Each of the entries should be retyped precisely as it appears.

---*---

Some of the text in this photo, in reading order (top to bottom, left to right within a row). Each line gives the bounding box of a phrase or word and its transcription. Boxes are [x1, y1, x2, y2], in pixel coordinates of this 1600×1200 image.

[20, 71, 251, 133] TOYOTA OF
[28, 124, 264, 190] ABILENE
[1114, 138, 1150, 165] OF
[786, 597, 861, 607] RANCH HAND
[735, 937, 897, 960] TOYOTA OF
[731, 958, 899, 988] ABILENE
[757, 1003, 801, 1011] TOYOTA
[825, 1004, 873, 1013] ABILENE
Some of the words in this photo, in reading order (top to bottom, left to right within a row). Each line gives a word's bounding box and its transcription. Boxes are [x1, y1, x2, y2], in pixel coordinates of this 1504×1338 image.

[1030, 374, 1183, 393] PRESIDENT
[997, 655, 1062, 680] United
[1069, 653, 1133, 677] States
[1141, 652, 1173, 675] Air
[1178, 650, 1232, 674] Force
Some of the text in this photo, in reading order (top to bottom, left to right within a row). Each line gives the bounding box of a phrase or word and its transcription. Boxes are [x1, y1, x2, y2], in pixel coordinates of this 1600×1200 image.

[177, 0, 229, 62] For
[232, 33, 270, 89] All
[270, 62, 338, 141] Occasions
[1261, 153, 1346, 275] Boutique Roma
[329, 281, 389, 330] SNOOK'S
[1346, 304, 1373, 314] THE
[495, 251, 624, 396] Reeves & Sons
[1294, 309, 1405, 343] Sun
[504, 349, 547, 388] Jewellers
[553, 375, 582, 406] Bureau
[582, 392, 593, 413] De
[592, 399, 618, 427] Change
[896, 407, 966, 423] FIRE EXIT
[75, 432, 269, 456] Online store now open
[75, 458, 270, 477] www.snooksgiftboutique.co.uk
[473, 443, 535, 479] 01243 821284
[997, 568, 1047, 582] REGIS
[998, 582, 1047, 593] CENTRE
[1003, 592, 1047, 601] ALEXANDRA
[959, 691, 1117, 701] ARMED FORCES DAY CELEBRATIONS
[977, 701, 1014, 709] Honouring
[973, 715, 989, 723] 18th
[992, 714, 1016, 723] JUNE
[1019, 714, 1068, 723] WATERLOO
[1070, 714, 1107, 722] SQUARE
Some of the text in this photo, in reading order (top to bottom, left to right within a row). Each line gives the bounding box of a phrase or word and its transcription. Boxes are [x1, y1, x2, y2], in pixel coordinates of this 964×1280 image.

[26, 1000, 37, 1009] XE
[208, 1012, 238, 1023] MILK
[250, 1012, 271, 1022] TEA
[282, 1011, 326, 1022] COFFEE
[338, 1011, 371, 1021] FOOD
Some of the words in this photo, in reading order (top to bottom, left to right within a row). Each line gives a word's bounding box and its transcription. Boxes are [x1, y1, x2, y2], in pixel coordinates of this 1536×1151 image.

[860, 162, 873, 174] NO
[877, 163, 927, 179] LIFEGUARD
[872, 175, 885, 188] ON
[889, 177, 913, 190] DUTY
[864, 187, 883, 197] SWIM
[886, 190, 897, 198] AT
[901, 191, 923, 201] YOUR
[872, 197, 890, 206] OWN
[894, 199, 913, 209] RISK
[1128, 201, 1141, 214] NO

---*---

▶ Answer space:
Some of the text in this photo, in reading order (top to bottom, left to right within a row). Each line gives the bounding box of a phrase or word and its transcription. Boxes are [x1, y1, x2, y2], in pixel coordinates of this 1600×1200 image.

[20, 71, 251, 133] TOYOTA OF
[28, 124, 264, 190] ABILENE
[1114, 138, 1150, 165] OF
[786, 597, 861, 607] RANCH HAND
[735, 937, 897, 960] TOYOTA OF
[731, 958, 899, 988] ABILENE
[757, 1003, 801, 1011] TOYOTA
[825, 1004, 873, 1013] ABILENE
Some of the words in this photo, in reading order (top to bottom, left to right within a row). Each line gives a word's bounding box and its transcription. Boxes are [x1, y1, x2, y2], in pixel coordinates of this 1504×1338 image.

[1030, 374, 1183, 393] PRESIDENT
[997, 655, 1062, 680] United
[1069, 653, 1133, 677] States
[1141, 652, 1173, 675] Air
[1178, 650, 1232, 674] Force
Some of the text in this photo, in reading order (top to bottom, left to right within a row). Each line gives the bounding box of a phrase or word and its transcription. Boxes are [x1, y1, x2, y2], in pixel coordinates of this 1600×1200 image.

[177, 0, 229, 62] For
[232, 33, 270, 89] All
[270, 62, 338, 141] Occasions
[1261, 153, 1346, 275] Boutique Roma
[329, 281, 389, 330] SNOOK'S
[1346, 304, 1373, 314] THE
[495, 251, 624, 396] Reeves & Sons
[1294, 309, 1405, 343] Sun
[504, 349, 547, 388] Jewellers
[553, 375, 582, 406] Bureau
[582, 392, 593, 413] De
[592, 399, 618, 427] Change
[896, 407, 966, 423] FIRE EXIT
[75, 432, 269, 456] Online store now open
[75, 458, 270, 477] www.snooksgiftboutique.co.uk
[473, 443, 535, 479] 01243 821284
[997, 568, 1047, 582] REGIS
[998, 582, 1047, 593] CENTRE
[1003, 592, 1047, 601] ALEXANDRA
[959, 691, 1117, 701] ARMED FORCES DAY CELEBRATIONS
[977, 701, 1014, 709] Honouring
[973, 715, 989, 723] 18th
[992, 714, 1016, 723] JUNE
[1019, 714, 1068, 723] WATERLOO
[1070, 714, 1107, 722] SQUARE
Some of the text in this photo, in reading order (top to bottom, left to right within a row). Each line gives the bounding box of a phrase or word and its transcription. Boxes are [x1, y1, x2, y2], in pixel coordinates of this 964×1280 image.

[26, 1000, 37, 1009] XE
[208, 1012, 238, 1023] MILK
[250, 1012, 271, 1022] TEA
[282, 1011, 326, 1022] COFFEE
[338, 1011, 371, 1021] FOOD
Some of the words in this photo, in reading order (top to bottom, left to right within a row). Each line gives a word's bounding box and its transcription. Boxes are [x1, y1, x2, y2], in pixel coordinates of this 1536×1151 image.

[860, 162, 873, 174] NO
[877, 163, 927, 179] LIFEGUARD
[872, 175, 885, 188] ON
[889, 177, 913, 190] DUTY
[864, 187, 883, 197] SWIM
[886, 190, 897, 198] AT
[901, 191, 923, 201] YOUR
[872, 197, 890, 206] OWN
[894, 199, 913, 209] RISK
[1128, 201, 1141, 214] NO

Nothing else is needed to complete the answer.